Let’s start with the owners: a real life Italian count (that’s his name on the resort, and yes, he’s unreasonably gorgeous) and his statuesque satin-skinned English wife. The house itself is a 100 years old and when the San Bonifacios first stumbled on it 10 years ago, it was a wreck. A lot of restoration work, patience, sheer willpower and money later, the place has been transformed into a bijoux resort that feels less like a hotel than a very tastefully decorated, cosy, intimate home that just happens to have a few house guests in for the weekend.
Credit for much of this intimacy goes to the Conti’s wonderful manager, Amanda. Brooklyn-born and trained at the Culinary Institute of America, she delivers old-fashioned hospitality, charming company and terrific home-cooked meals with good humour and an infectious laugh. Our first dinner of asparagus risotto, and thick loops of bucatini flavoured with pancetta and softly caramelised onions set the tone for an Easter weekend of laid-back calm, unobtrusive service and lots of lush Syrah and Cabernet Franc produced in the San Bonifacio’s small private vineyard.
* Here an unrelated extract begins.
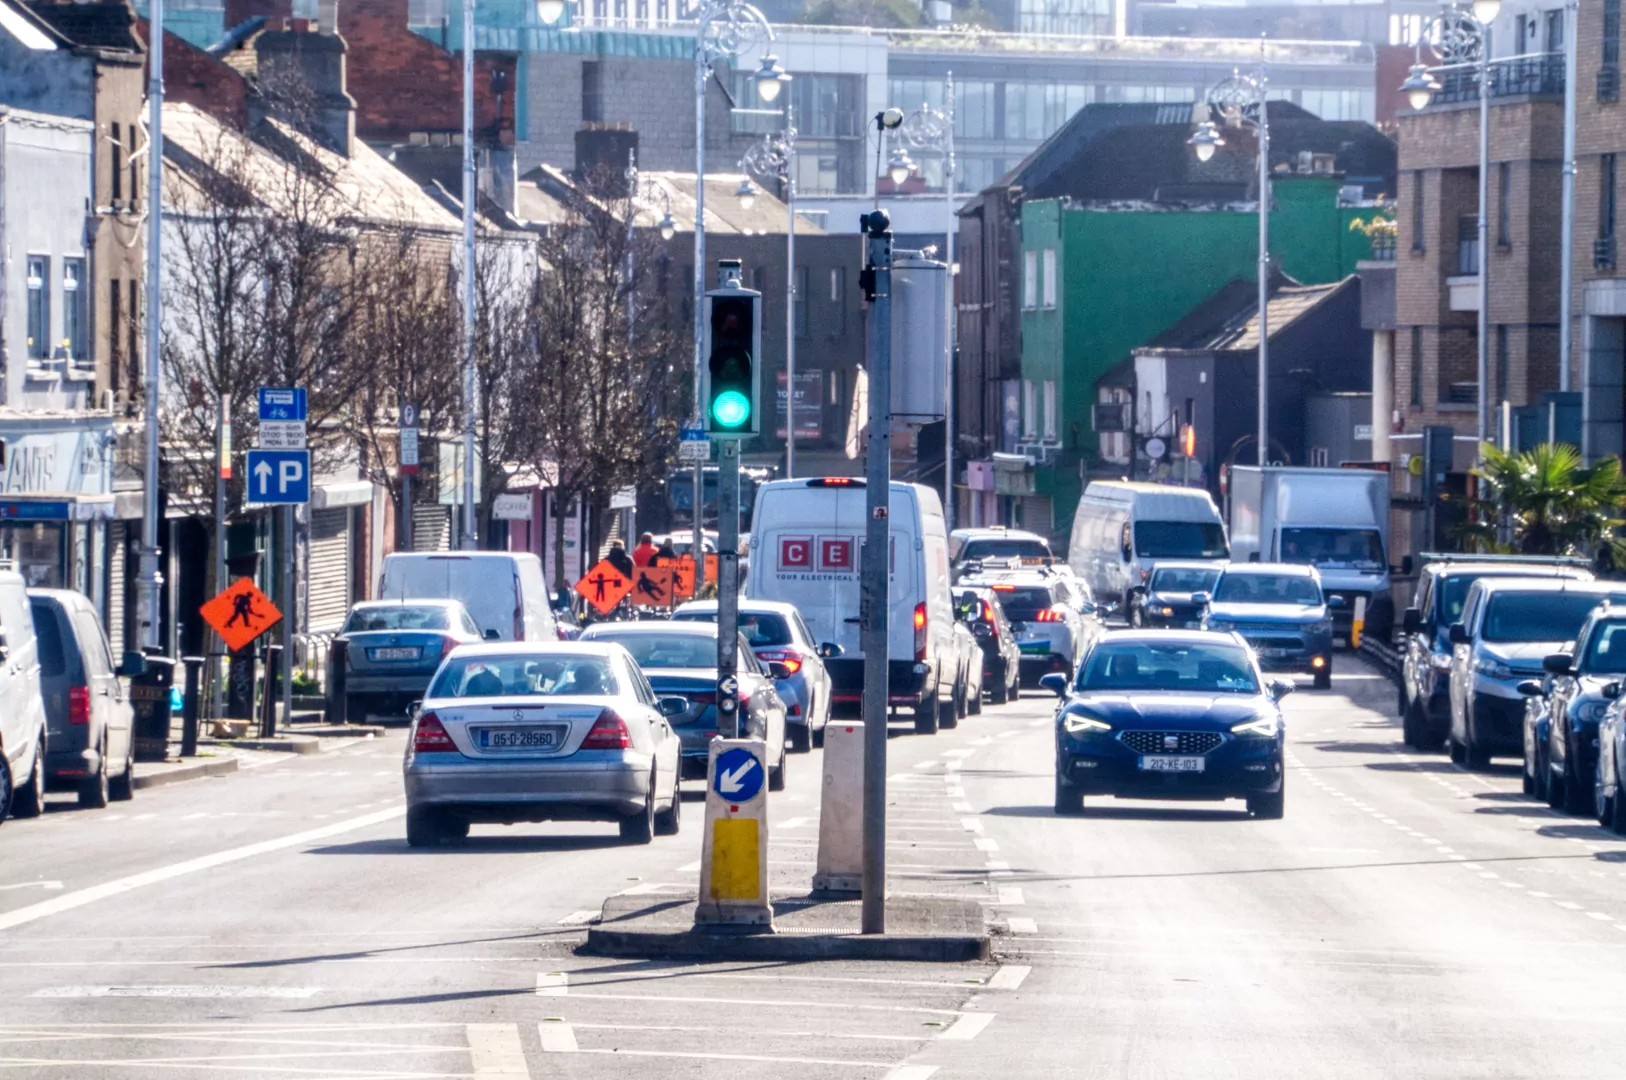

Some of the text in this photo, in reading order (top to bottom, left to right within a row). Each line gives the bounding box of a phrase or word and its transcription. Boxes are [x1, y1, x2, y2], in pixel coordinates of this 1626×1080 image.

[279, 461, 303, 493] P
[494, 733, 552, 745] 05-D-28560
[1151, 758, 1197, 769] 212-KE-103
And because there are only five rooms, it’s so easy to slip into a state of mind where you actually believe that you own the place. The best rooms are in the east and west corners of the house. Here, it’s all very shabby chic, as if Martha Stewart had dropped by recently and edited out anything that might either seem contrived or detract from the illusion. Maybe that’s why there are no clocks in sight anywhere. Or room numbers.
Instead, soft colours seduce the senses. Taupe and linen frame blonde wood beams and tiny beaded chandeliers. Great pelts of cow hide soften the stone floors while the artfully aged desks, armoires and bookcases are stacked high with design magazines, travel books and photography opuses. And like a Merchant Ivory moment, shuttered windows open out over the terracotta-tiled roof where in the morning mist – serenaded by a soundtrack of gentle cooing of doves – the distant cypresses march across the landscape like arboreal supermodels.
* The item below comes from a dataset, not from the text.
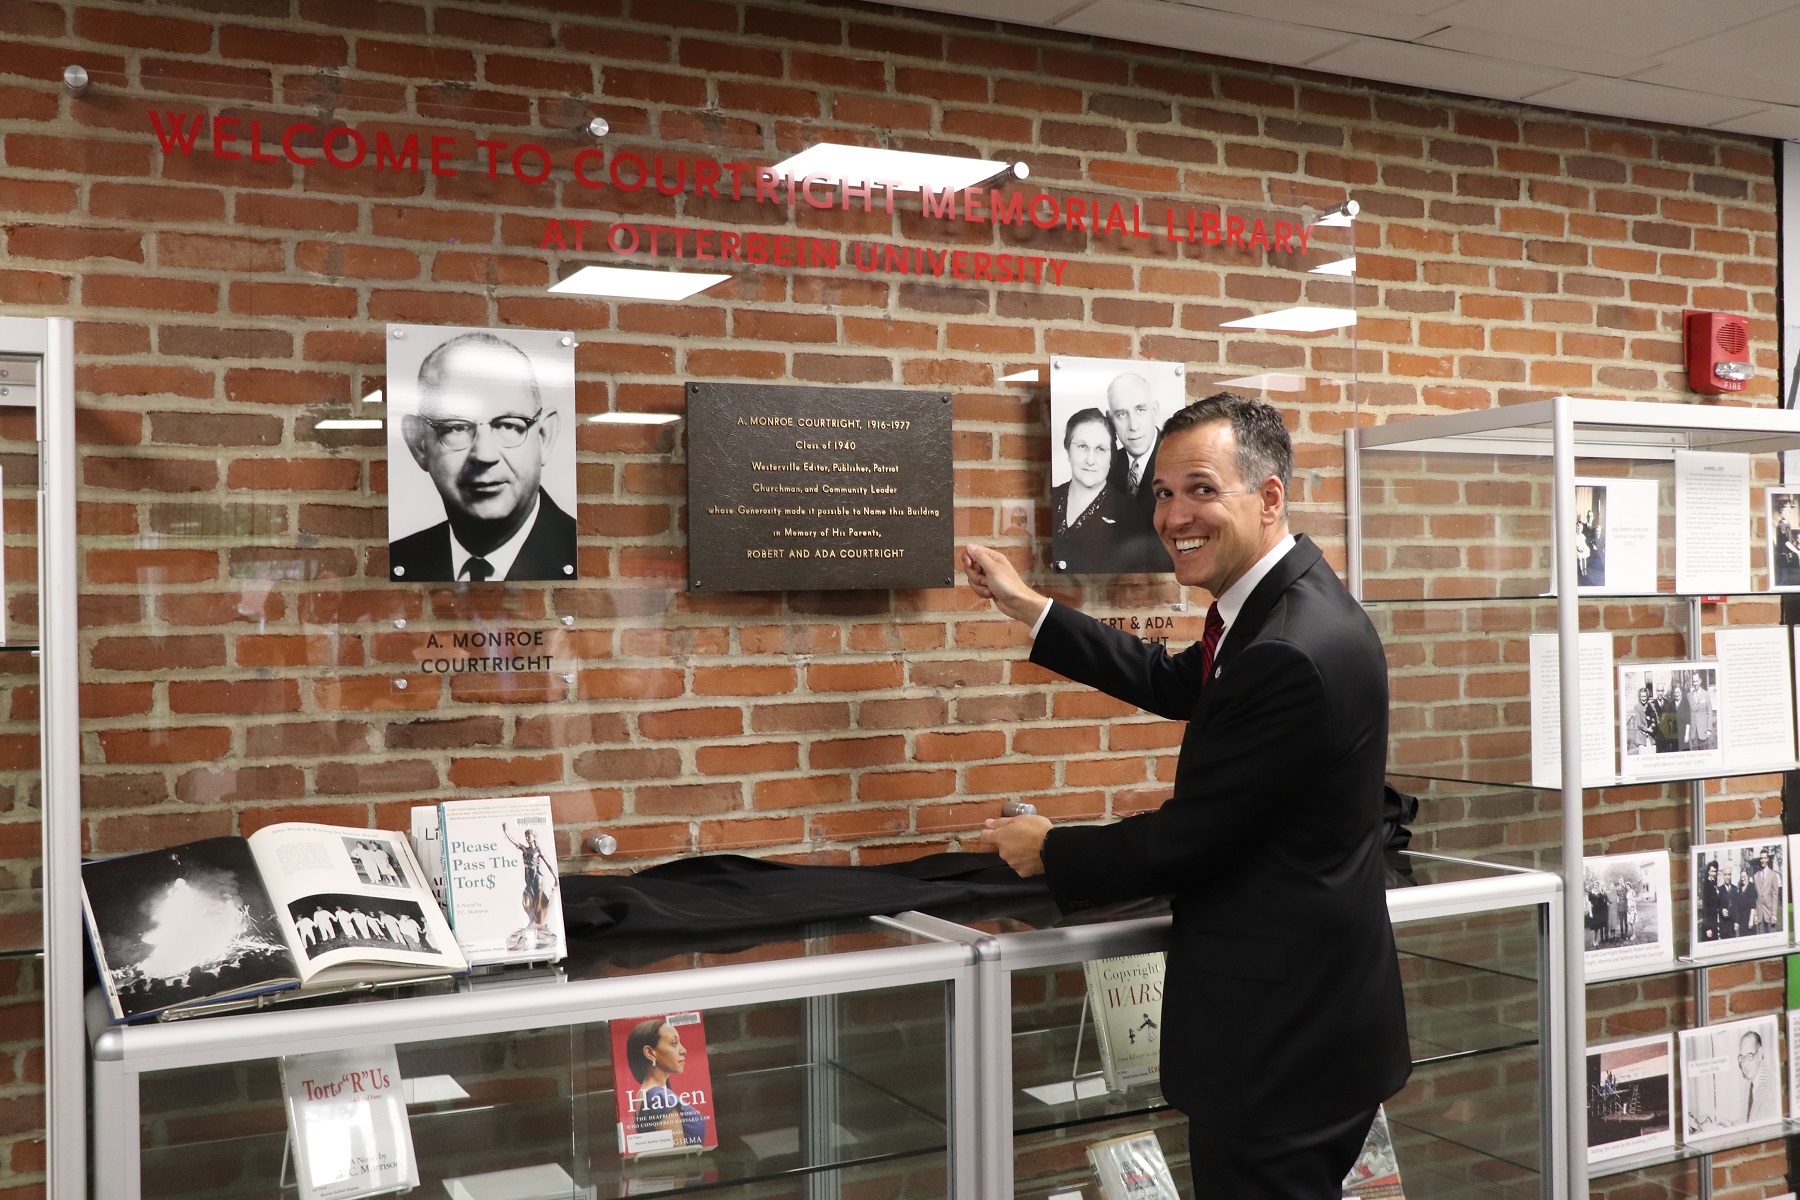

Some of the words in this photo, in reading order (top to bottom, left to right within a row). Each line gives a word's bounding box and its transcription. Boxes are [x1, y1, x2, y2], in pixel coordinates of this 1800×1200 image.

Downstairs, the French doors of the vast living room – tastefully decorated by the Countess in a low-key mix of pale colours, deep sofas and vintage furniture rescued from fleamarkets in London – open out into the swimming pool, pretty patios and lawns bordered by lavender and blue-flowered rosemary bushes. All this I in fact note only in passing. While two guests signed up for an in-residence wine-tasting class and one learned how to make pasta with Amanda in the vast kitchen, I spent an unapologetically significant amount of that weekend curled up on the sofa alternating between languid naps and watching a Nigella Lawson cooking show that I’d picked from the huge collection of DVDs and CDs. ‘Are we seriously watching Nigella cook? Mr Smith murmured. ‘We’re in Italy!’ ‘But she’s cooking risotto,’ I countered. ‘It couldn’t be more appropriate. And I’m so incredibly relaxed right now. That’s what a holiday is all about. Go see what’s for lunch…’
Happily, the weather behaved during the weekend but such was the spell of indolence, we rarely ventured beyond the pool deck much less moved a muscle unless a meal or a drink was involved. One afternoon, Amanda served a lunch of rigatoni flavoured with nothing more than slivers of zucchini, olive oil and lemon. So simple and, like so much of Italy, so good. We ate in silence, trapped between the hypnotic view and the occasional cascade of notes from the wind-chimes. In the distance, a late afternoon breeze ruffled the olive leaves with a silvery shimmer. That night, we shut the shutters, drew the drapes and climbed into the soft white-linened bed and slept without any dreams. But that was probably because we were already in one.